Italian Dictionary, by iThinkdiff, is not just your basic Italian-English dictionary. The full app is available for $4.99 and is chock full of features and innovations, however this is the review for its free counterpart, the more economic version that gets the job done. Before I go any further, I would like to point out that although this review specifically covers the Italian version of the iThinkdiff dictionary series, they have apps for many, many languages that all look very similar, so the information from this review can be tagged to those other language apps by the same developer too.
Whether you know the Italian word and want the English translation, or whether you know the English word and need the Italian counterpart, Italian Dictionary has you covered. There have been occasions where I haven’t found a translation for a word or phrase, however by and large, for individual words and whole common phrases, Italian Dictionary is pretty good with supplying an accurate translation. You can also bookmark words that you’d like to keep set aside for future viewing or easy access, as well as view a list of all words you’ve recently looked up. The lists of bookmarks and recents do not differentiate between the two languages, so words in English come up in the same list as words in Italian, which is not detrimental but not as user-friendly as possible.
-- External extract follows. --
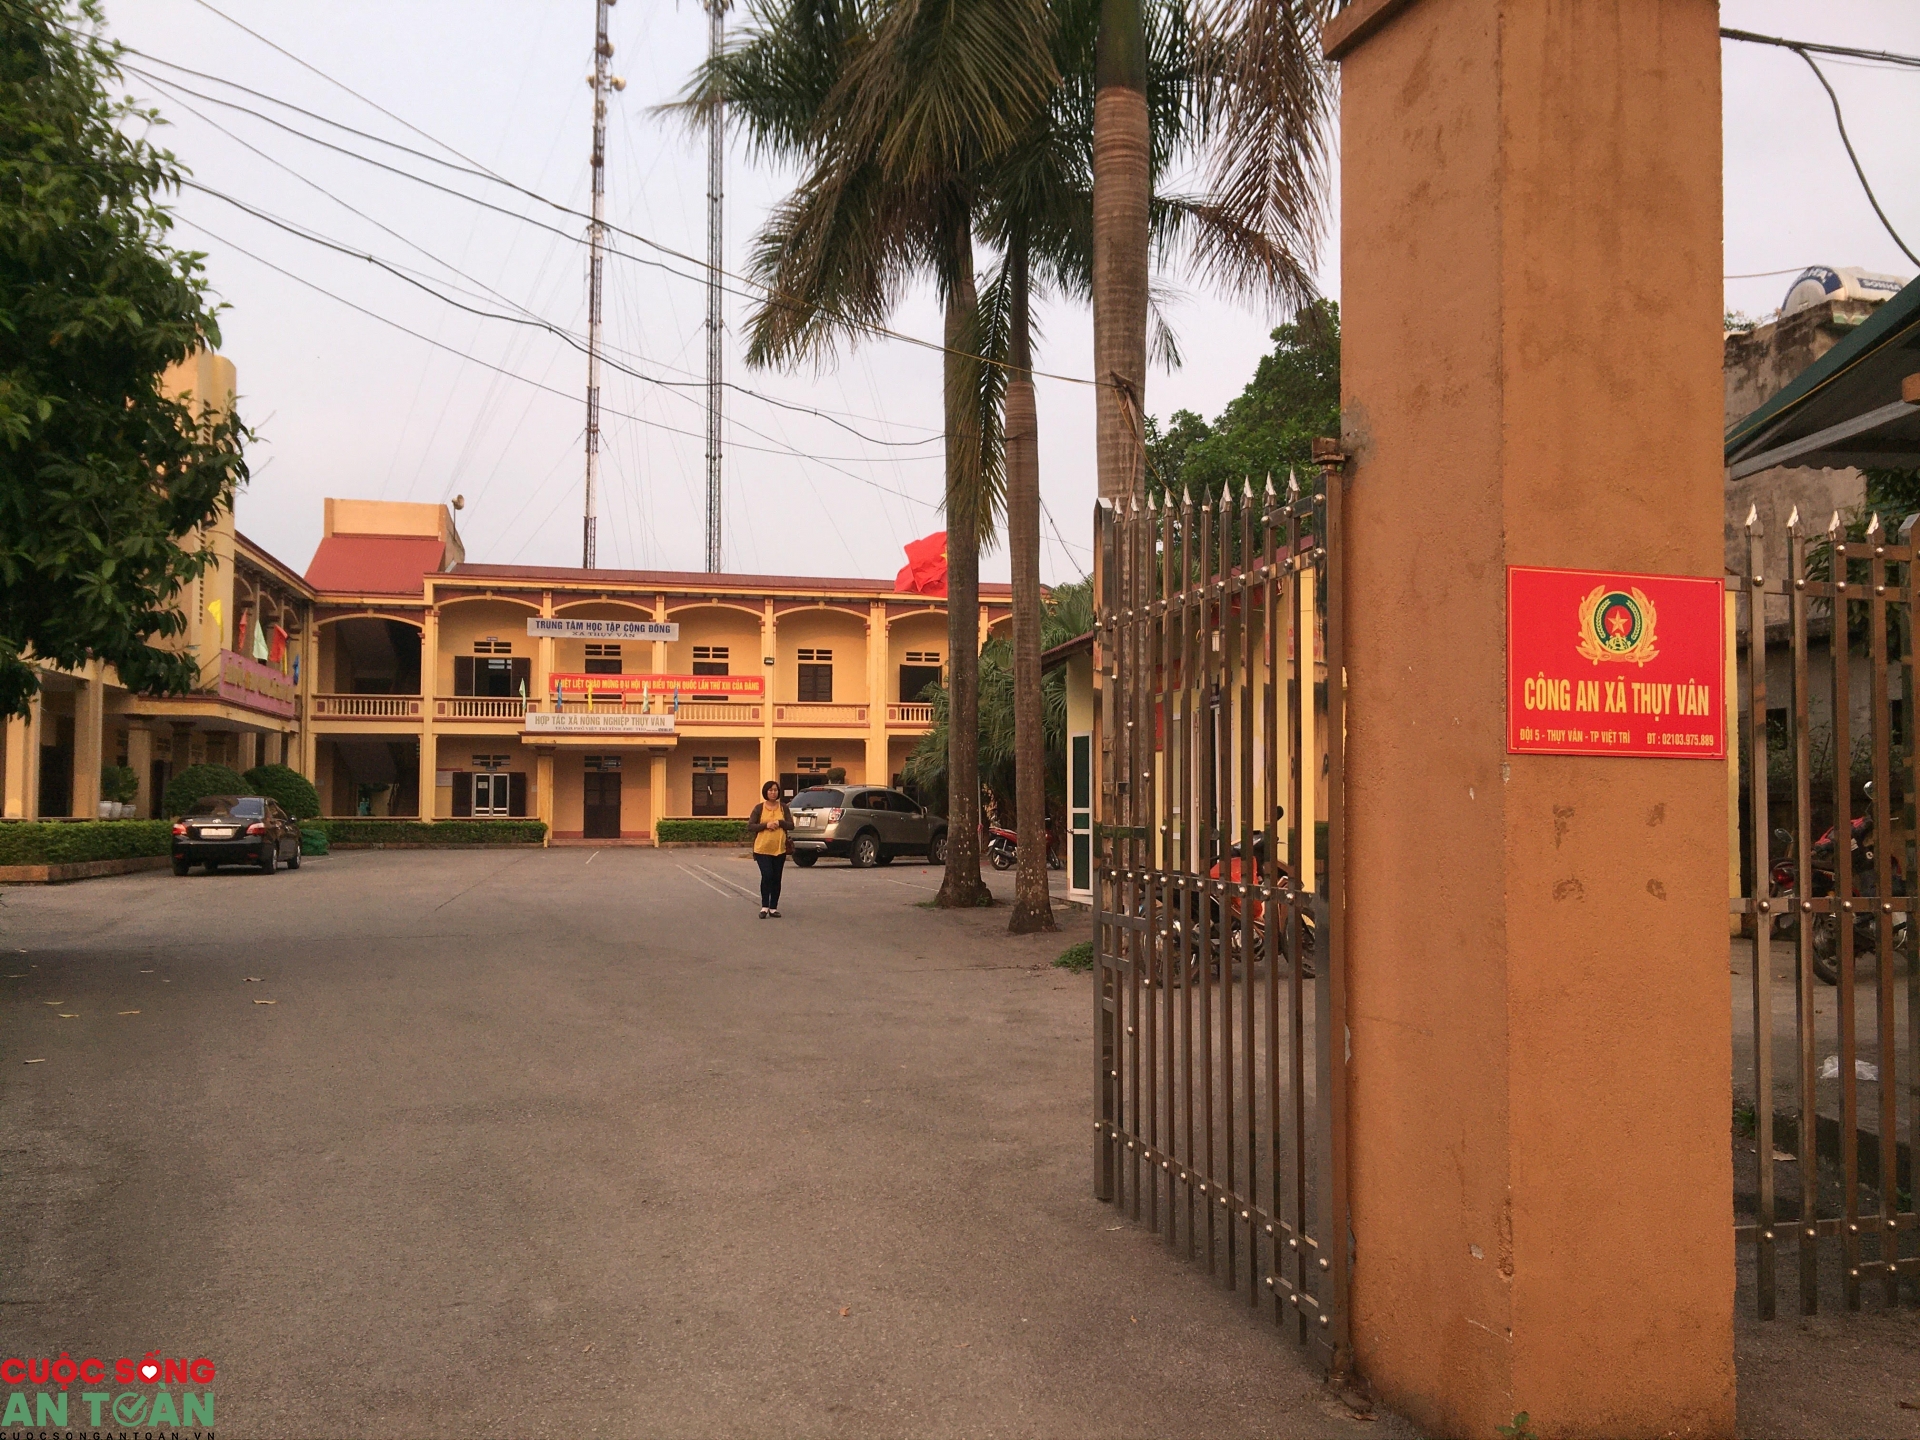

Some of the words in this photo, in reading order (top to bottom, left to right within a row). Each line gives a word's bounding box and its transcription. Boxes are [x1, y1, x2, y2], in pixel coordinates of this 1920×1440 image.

Italian Dictionary really separates itself from the pack by the features it contains to help you learn the language. Not only can this app be used as described above to look up translations, but it also has many features that help you commit words to memory. The most basic is the random word generator, which obviously generates a list of random words. Clicking it again will create a new list in the opposite language (if you’re viewing a random list of English words and you click the button again, you’ll now be presented a random list of Italian words). For vocabulary, you can view the word of the day, and even have the app notify you at certain times of the day (though admittedly I couldn’t get this to work properly). Flashcards are also a really useful feature. They take your list of bookmarked words and make them into flashcards that are easy to study from. Then there are some games to make the learning fun: Multiple Choice gives you a list of Italian words and you must select from the choices the best translations. As always, stats from that round as well as cumulative stats are displayed at the end. Then there’s Guess Word, which gives you some Italian words and it’s your job to type the English translation given the first letter, the last letter and the number of letters in the word. Lastly, there’s Word Fight, which is supposedly some type of head-to-head multiplayer game, but I’ve never gotten this to work as there is no one online to play against. I attribute this to the low circulation of this app, but if it gains popularity, I can see this being a great game mode. It’d be really cool if you encountered a word you didn’t know during the games and could add it to your bookmarks list with the click of a button, but you can’t do that. But let’s keep in mind that the mere fact that this dictionary has games in it makes it awesome.
As I mentioned, this is the free app review. The full app offers all this and more. When I say more, I mean pronunciations, a direct type-to-translate feature that works in both directions, and a removal of advertisements. These can be purchased individually in the free version via in-app purchases. I like Italian Dictionary, as it’s a surprisingly robust free dictionary app. Perhaps with revamped mechanics, a sleek interface, and a reduction in price for the full version, along with the other minor criticisms I advocated above, Italian Dictionary will gain mainstream success. It certainly has that potential as a 7/10!